> _Exercise_
What this exercise needs is every entry restated as written, with no pictures.
:::
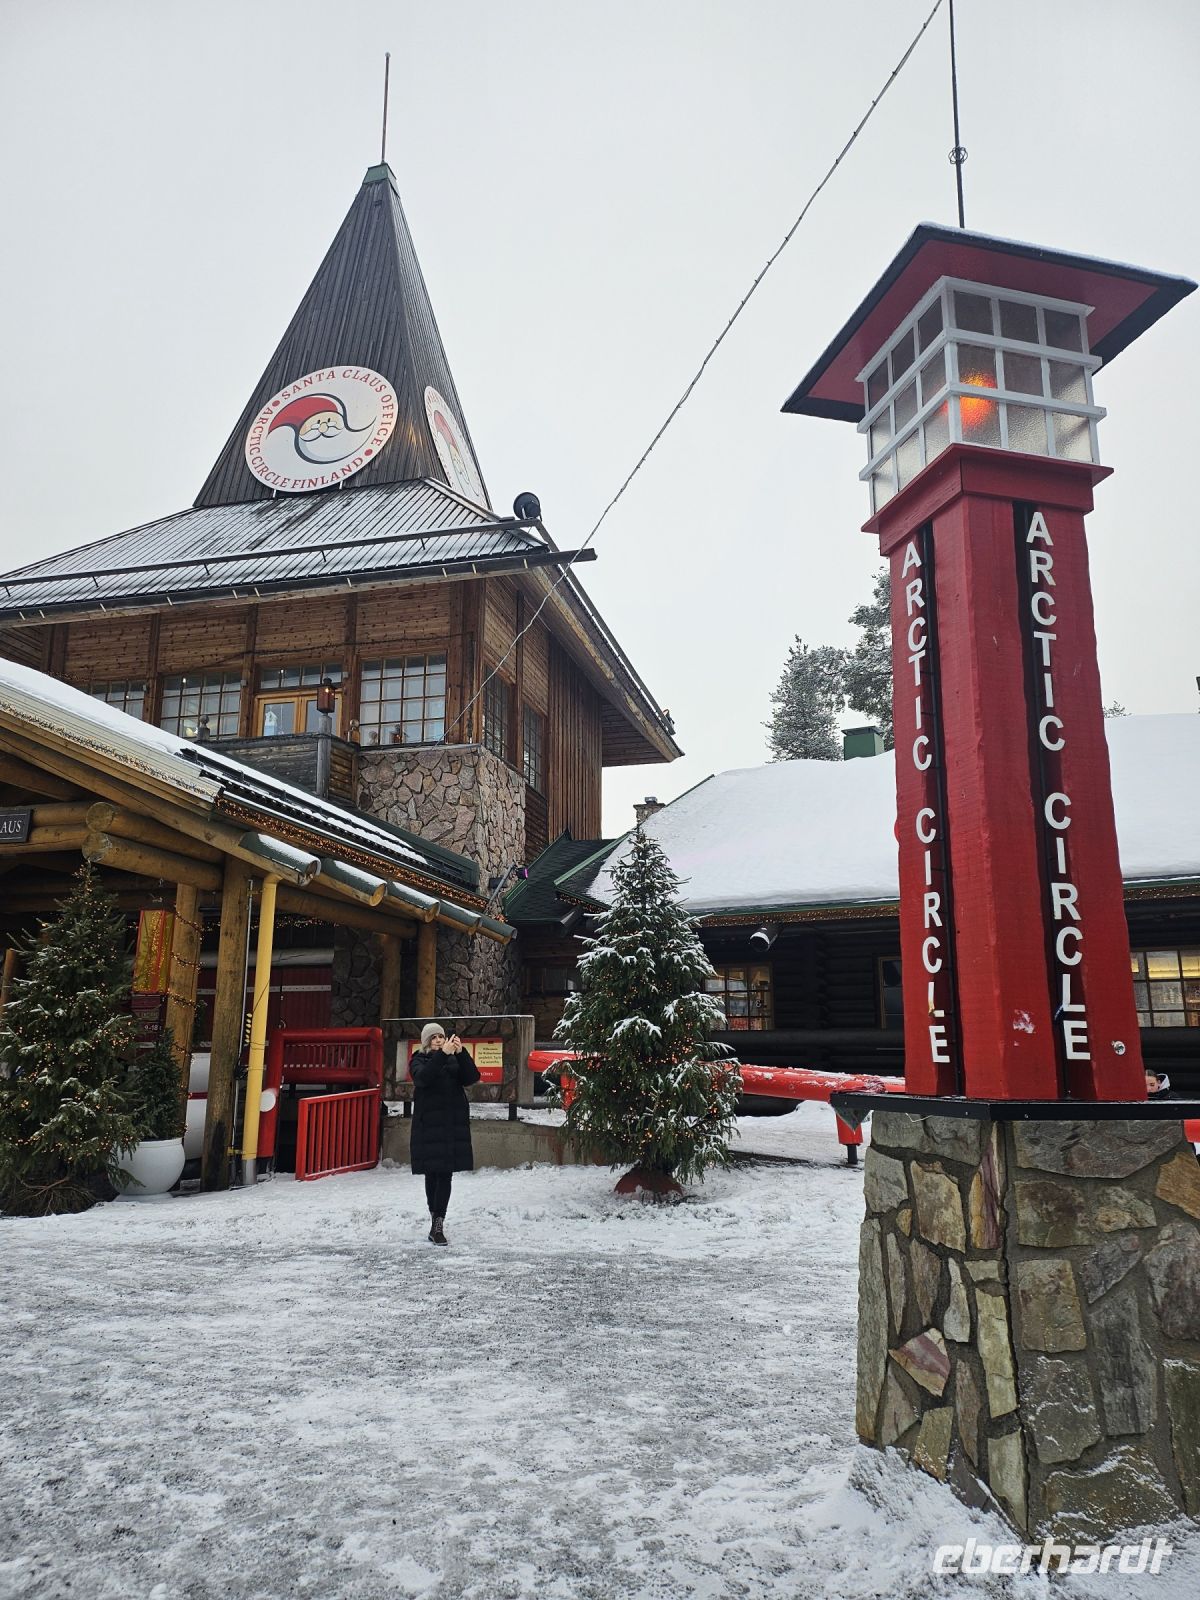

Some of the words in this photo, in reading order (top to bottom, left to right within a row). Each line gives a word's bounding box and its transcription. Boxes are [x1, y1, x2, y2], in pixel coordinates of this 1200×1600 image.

[249, 406, 274, 455] ARCTIC
[251, 456, 290, 488] CIRCLE
[281, 370, 336, 400] SANTA
[342, 369, 387, 393] CLAUS
[371, 394, 394, 446] OFFICE
[291, 457, 364, 489] FINLAND
[901, 541, 932, 771] ARCTIC
[1026, 511, 1066, 751] ARCTIC
[915, 807, 950, 1063] CIRCLE
[1044, 792, 1091, 1060] CIRCLE
:::
> _Written answer_
Some of the words in this photo, in reading order (top to bottom, left to right within a row). Each line gives a word's bounding box and its transcription. Boxes are [x1, y1, x2, y2], in pixel coordinates of this 1200×1600 image.

[249, 406, 274, 455] ARCTIC
[251, 456, 290, 488] CIRCLE
[281, 370, 336, 400] SANTA
[342, 369, 387, 393] CLAUS
[371, 394, 394, 446] OFFICE
[291, 457, 364, 489] FINLAND
[901, 541, 932, 771] ARCTIC
[1026, 511, 1066, 751] ARCTIC
[915, 807, 950, 1063] CIRCLE
[1044, 792, 1091, 1060] CIRCLE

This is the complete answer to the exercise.